We have said so much of the climate, that it is high time to add a few words about its results. What then are the effects of the London winters, of the gloomy foggy days, the cold rainy nights, and of the changeable English weather? The Continent knows those results partly from hearsay. They manifest themselves in the character, in the ways, the dress, and the social arrangements of the English.

The British isles rear a strong healthy race of men and women, beyond any other country in Europe. The lower classes have muscles and sinews which enable them to rival their cattle in feats of strength. The women are stately and tall; the children full of rosy health. The middle classes live better, though on an average less luxuriously than the corresponding classes on the continent. Their food is strong and nourishing; it is at once converted into flesh and blood. The British farmers are specimens of human mammoths, however grievously they may complain of their distress since the abolition of the duty on corn. The nobility and gentry pass a considerable part of the year at their country seats. They hunt, fish, and shoot, to the manifest advantage of their health. The very children, mounted on shaggy ponies, take long rides; so do the women, who even now and then follow the hounds. They go out in yachts on the stormy channel and extend their excursions to the coasts of Italy and the West Indian islands. But in despite of this mode of life, which is conducive to health, they pay their tribute to the moist atmosphere of their island, and they all—men, women, and children—submit to pass their lives in flannel wrappers.
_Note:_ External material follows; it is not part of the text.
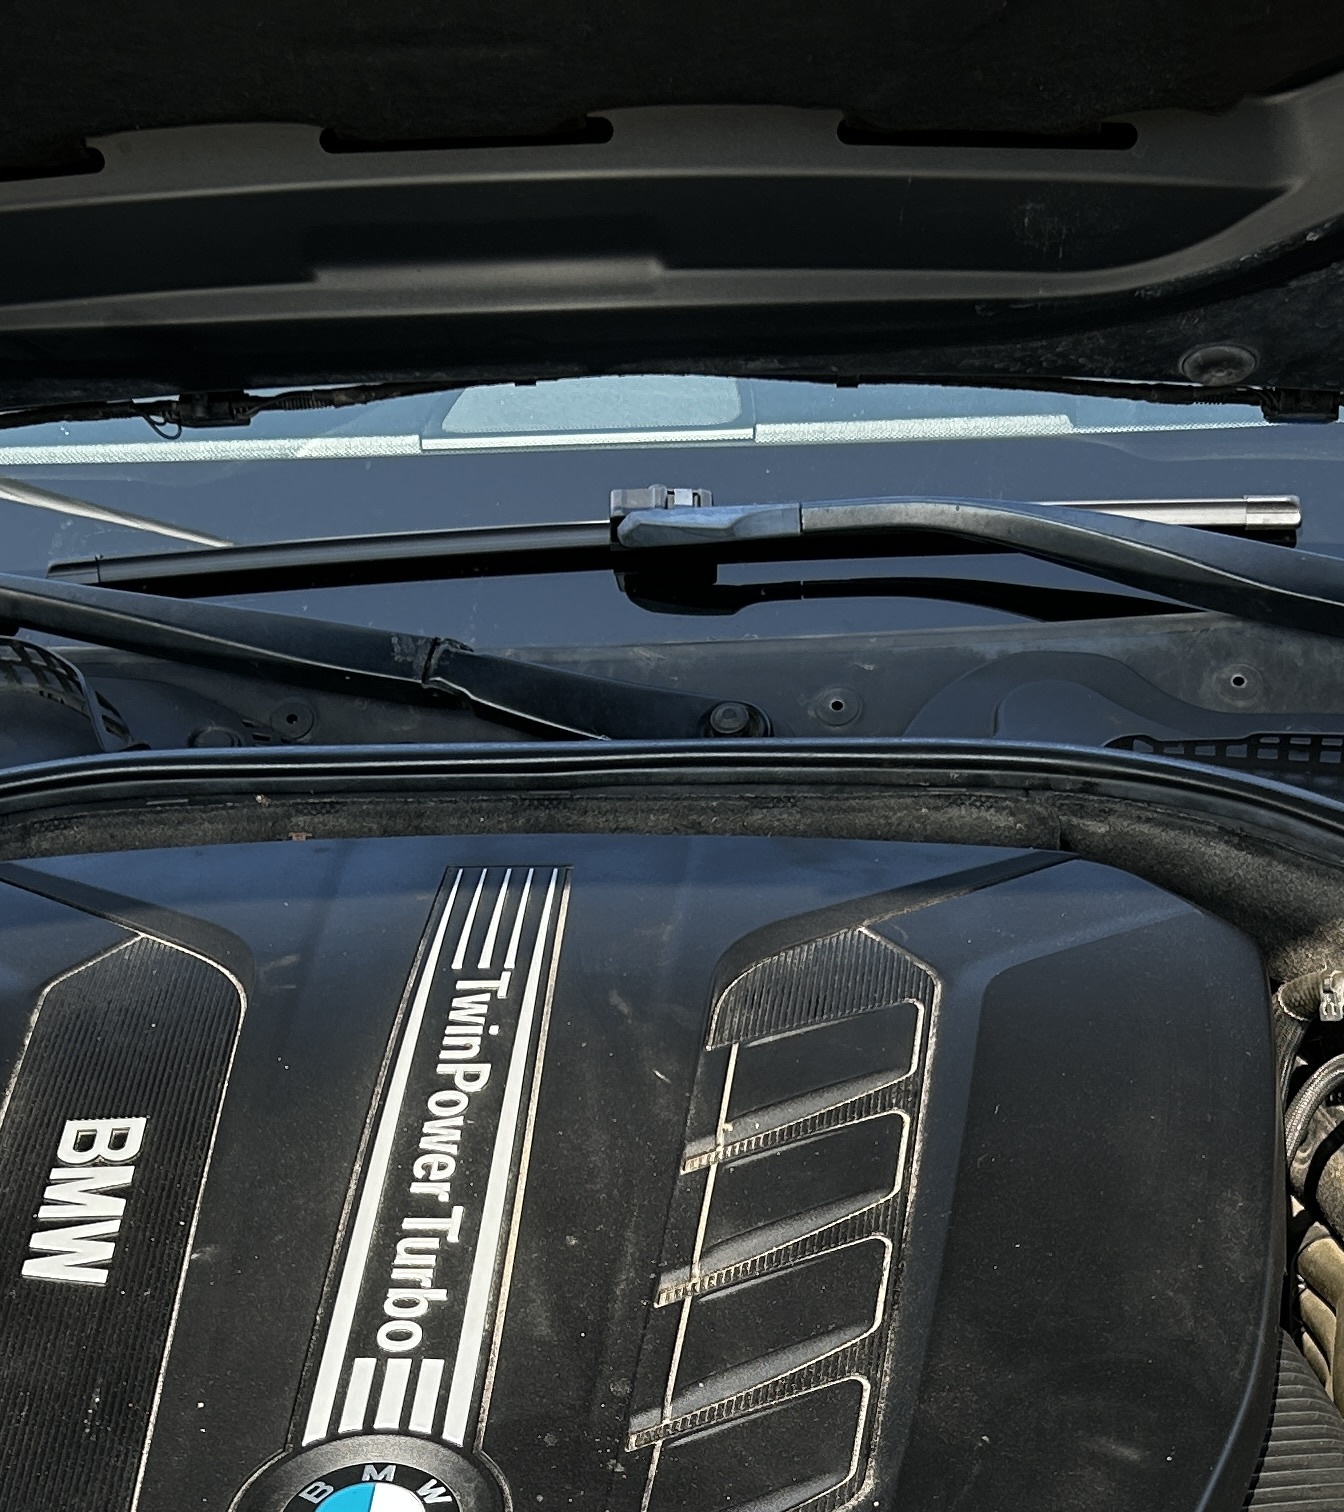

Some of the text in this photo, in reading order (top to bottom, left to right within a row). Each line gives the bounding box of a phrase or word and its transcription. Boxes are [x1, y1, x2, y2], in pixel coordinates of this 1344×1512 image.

[22, 1116, 148, 1285] BMW
[376, 970, 512, 1352] TwinPower Turbo
[298, 1464, 453, 1505] BMW
“We want,” says Sir John, “to be independent of the changes of the weather; and we isolate our bodies by means of suitable articles of dress. We wear flannel, cottons, india-rubber, and gutta percha; we drink cognac, port, stout; we eat strong meats with strong spices. We never pretend that the climate is to suit us; we suit ourselves to the climate. The Continentals act on a different principle, and say they like the result. We like the result of our own principle, and that’s the reason why we stick to it.”